** Dataset records **
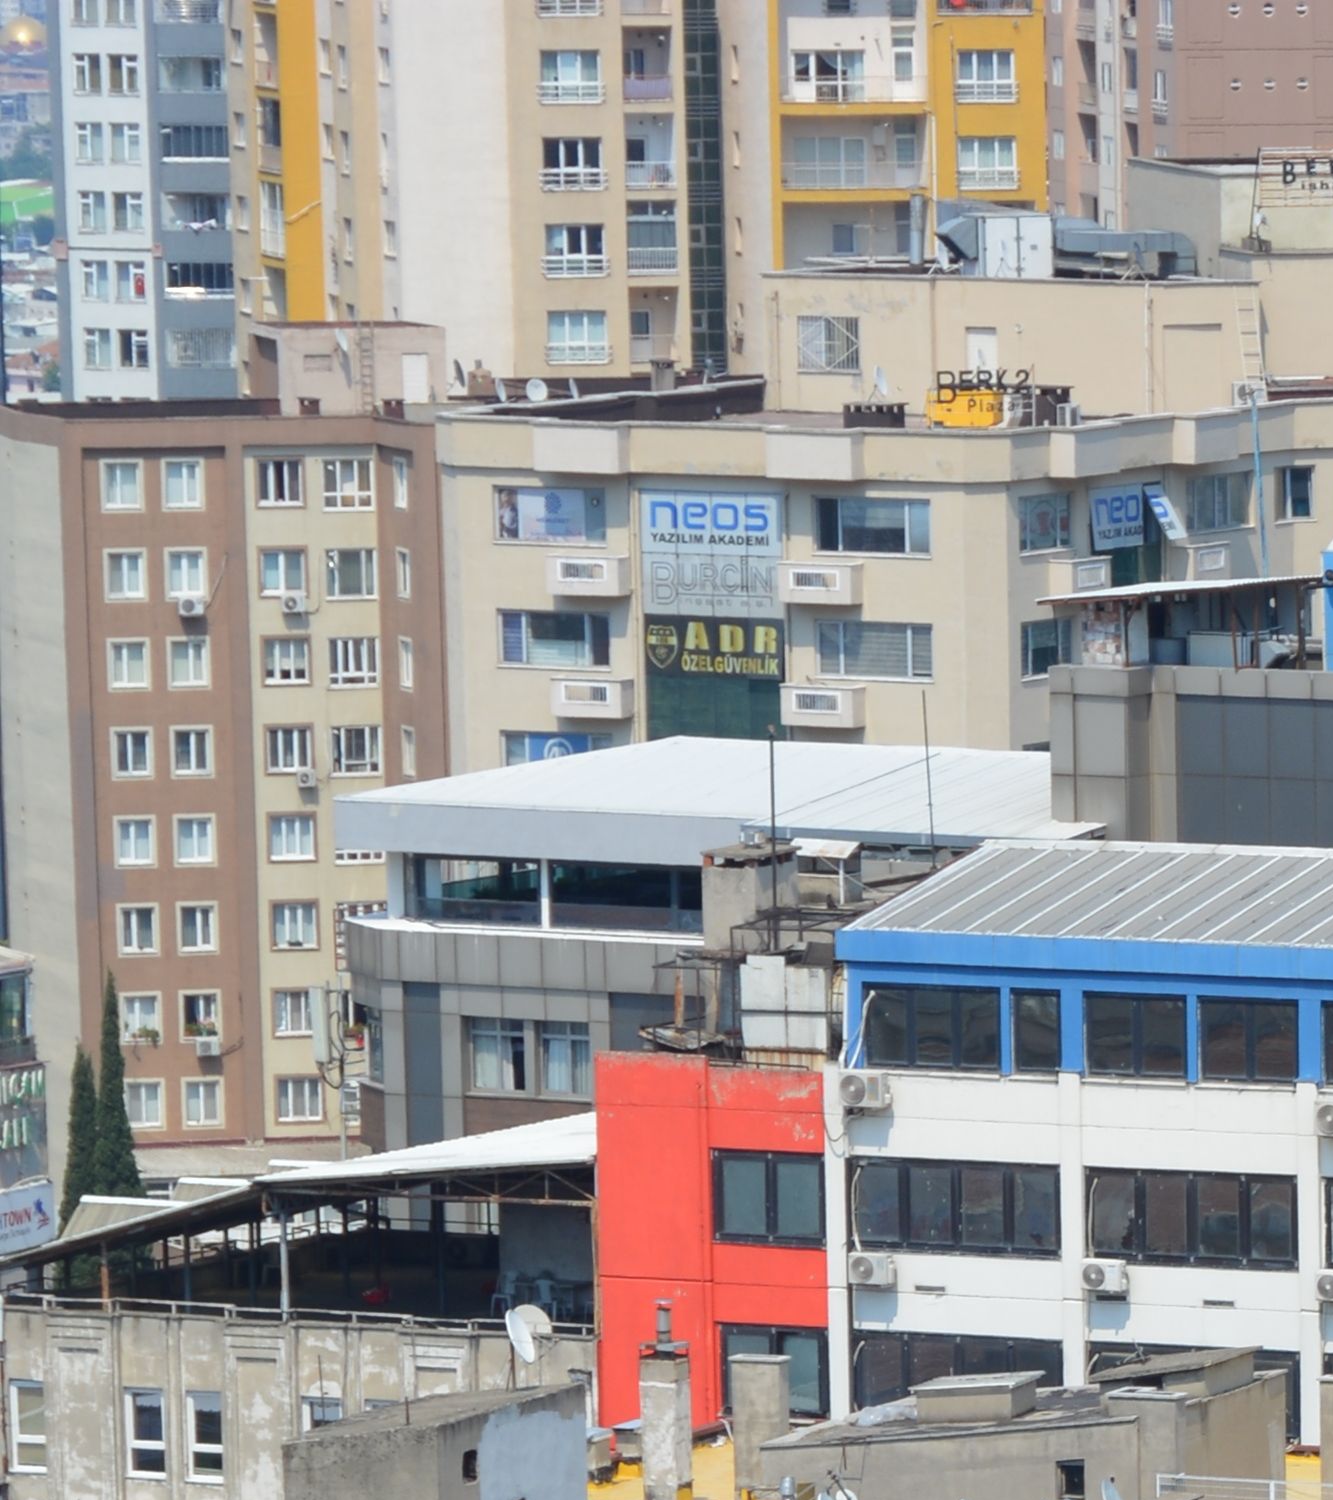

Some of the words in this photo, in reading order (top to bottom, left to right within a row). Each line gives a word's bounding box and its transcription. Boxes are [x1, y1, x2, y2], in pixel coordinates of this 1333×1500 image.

[936, 368, 1008, 404] BERK
[650, 501, 769, 532] neos
[650, 532, 704, 545] YAZILIM
[708, 533, 770, 548] AKADEMİ
[684, 622, 778, 654] ADR
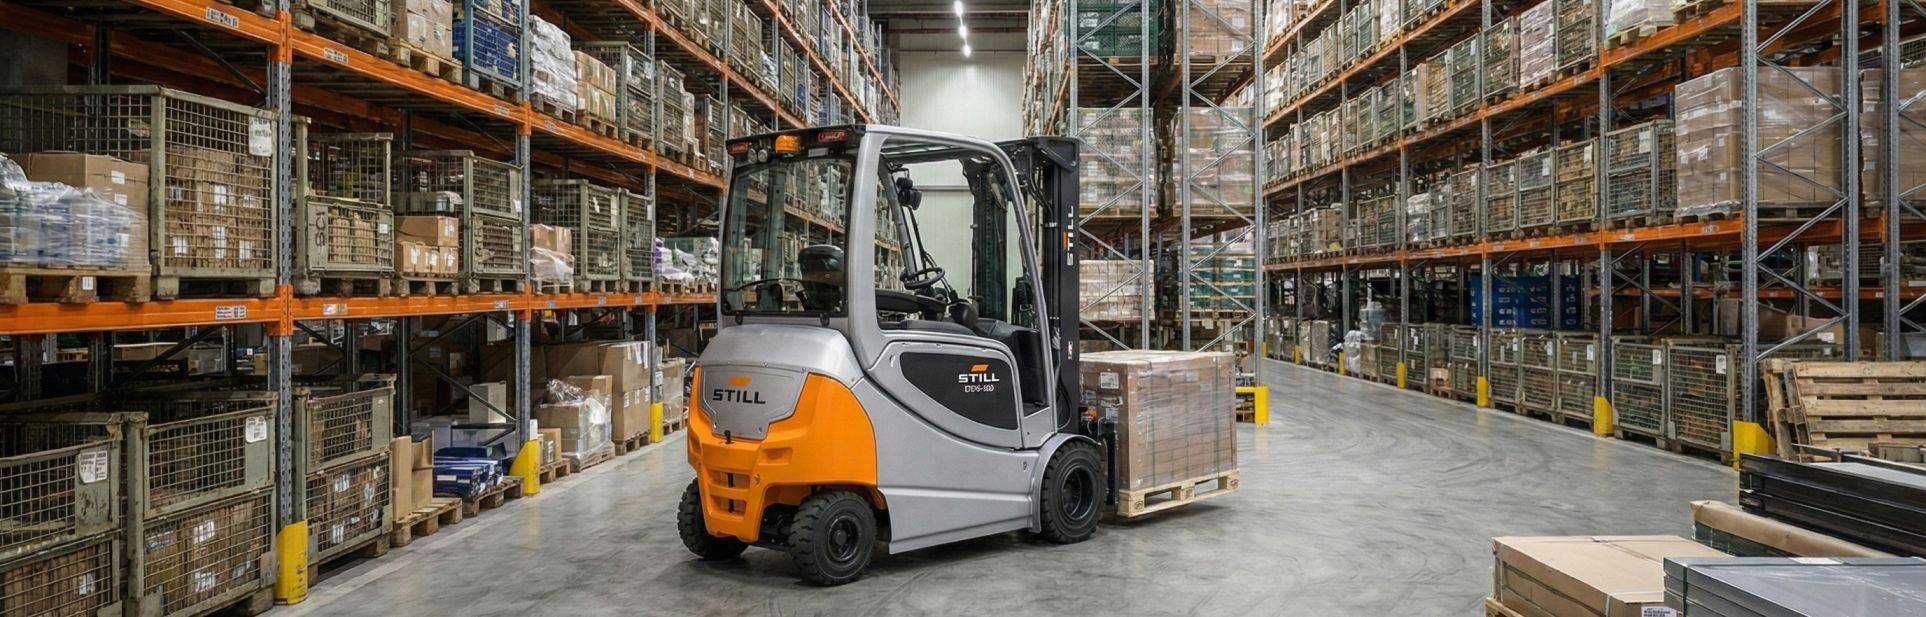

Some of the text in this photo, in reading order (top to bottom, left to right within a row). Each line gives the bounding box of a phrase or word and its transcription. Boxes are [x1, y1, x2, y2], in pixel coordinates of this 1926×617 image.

[1066, 205, 1074, 266] STILL
[958, 373, 1000, 383] STILL
[712, 388, 766, 405] STILL
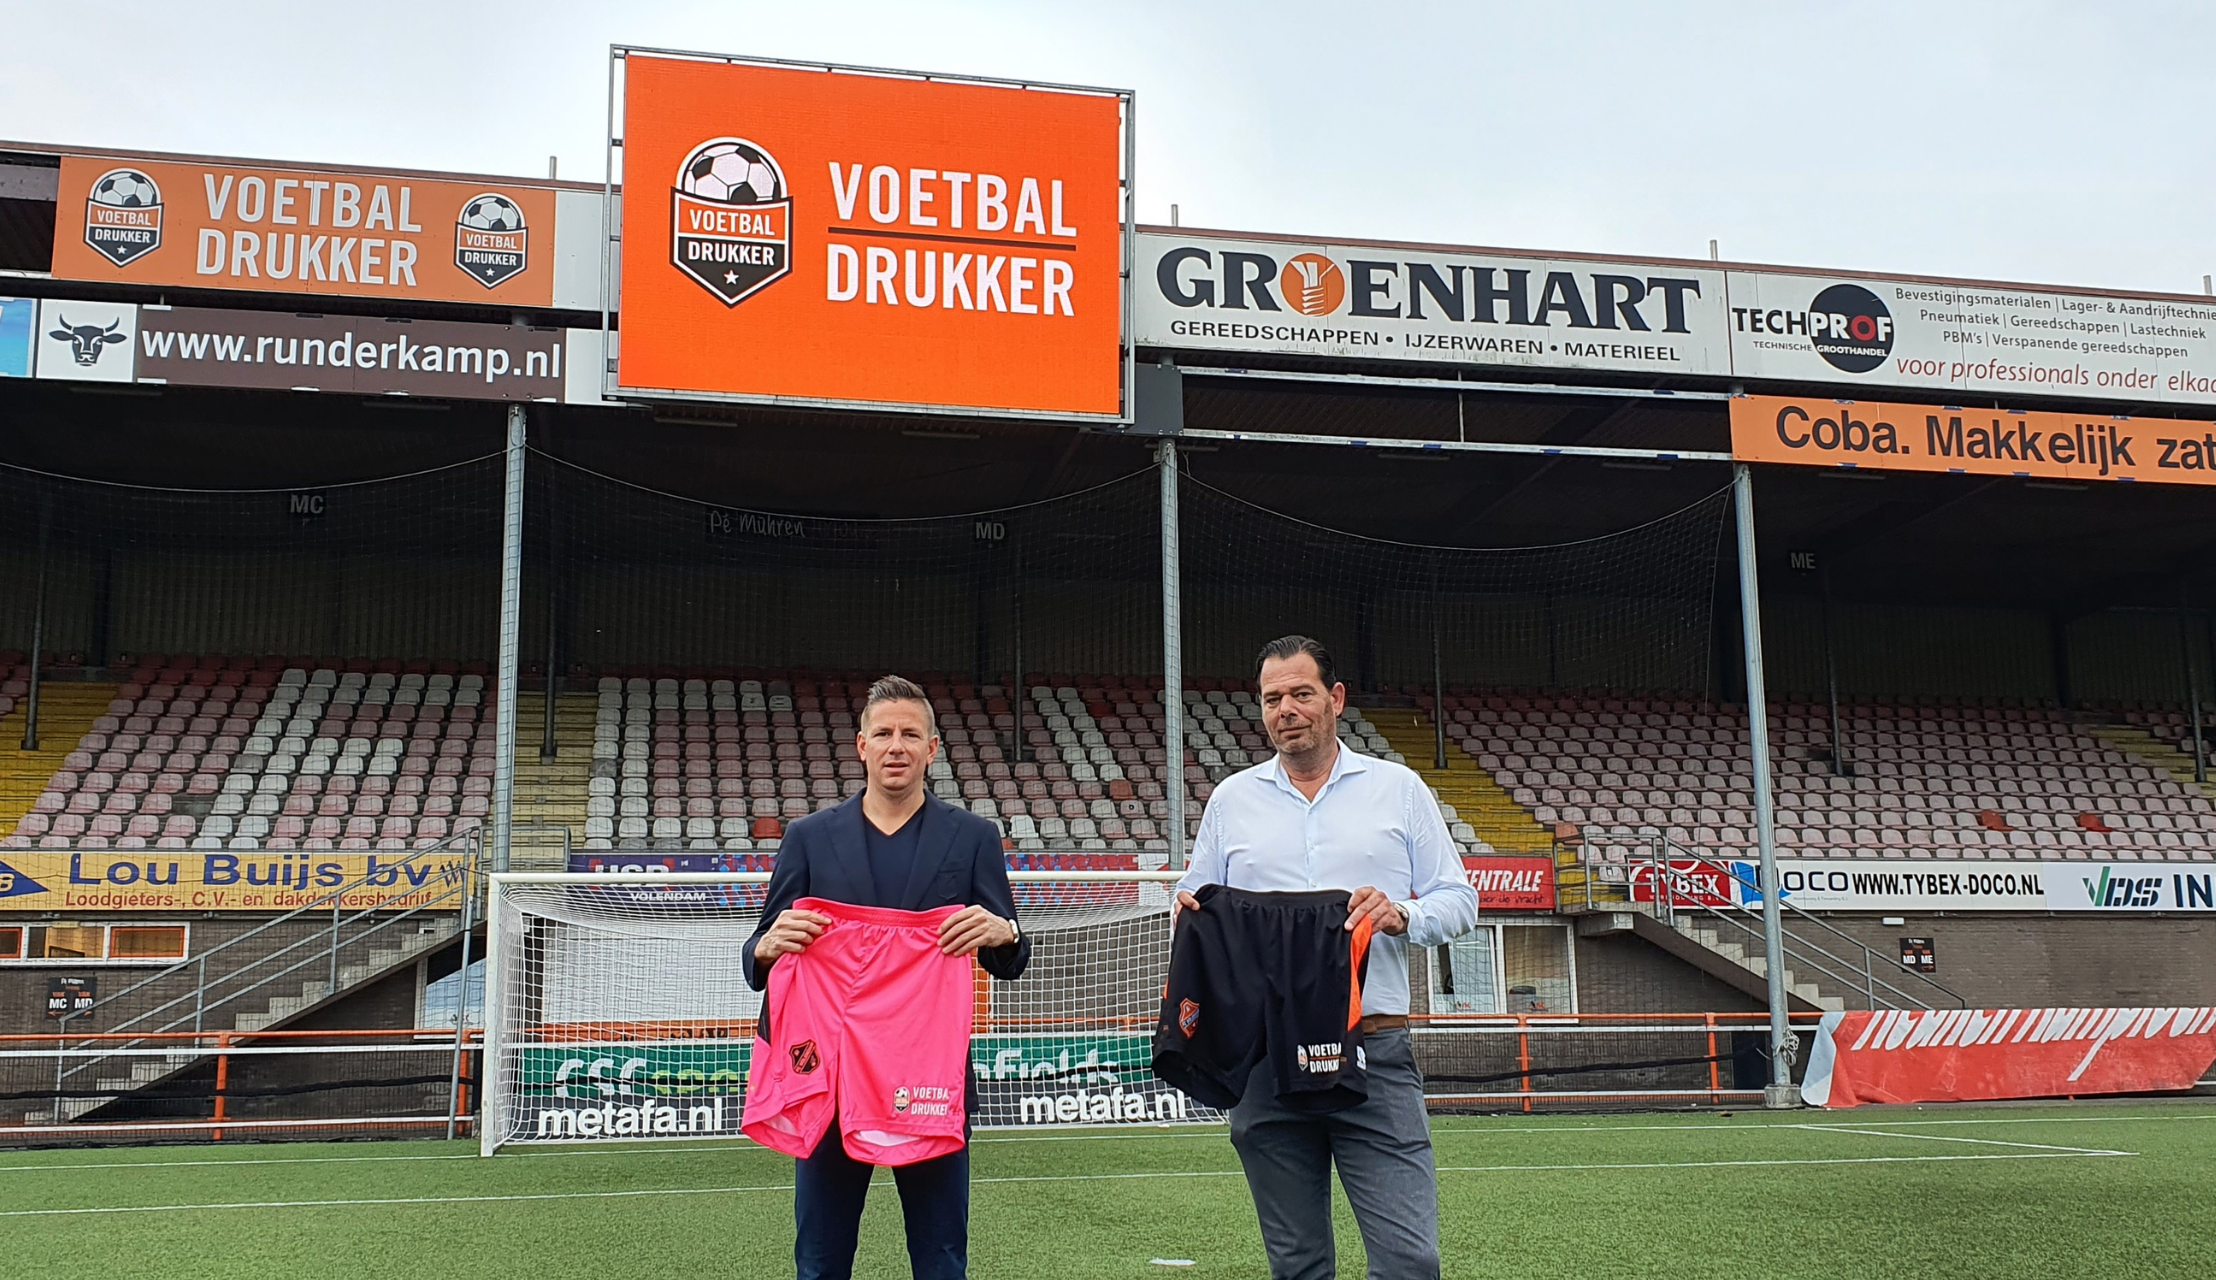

** Requirement **
Restate the entire listing word for word, excluding pictures.

** Task result **
Some of the words in this photo, in reading order (top to bottom, left to right within a row). Each line gives a word's bounding box and its transcription. Boxes are [x1, y1, x2, y2], in pixel coordinates of this 1333×1500 image.

[936, 368, 1008, 404] BERK
[650, 501, 769, 532] neos
[650, 532, 704, 545] YAZILIM
[708, 533, 770, 548] AKADEMİ
[684, 622, 778, 654] ADR

Some of the text in this photo, in reading order (top to bottom, left to right within a row). Each line gives the bounding box of a phrase or word and its transcription. Boxes are [x1, y1, x2, y2], in pixel coordinates of this 1926×617 image.

[1066, 205, 1074, 266] STILL
[958, 373, 1000, 383] STILL
[712, 388, 766, 405] STILL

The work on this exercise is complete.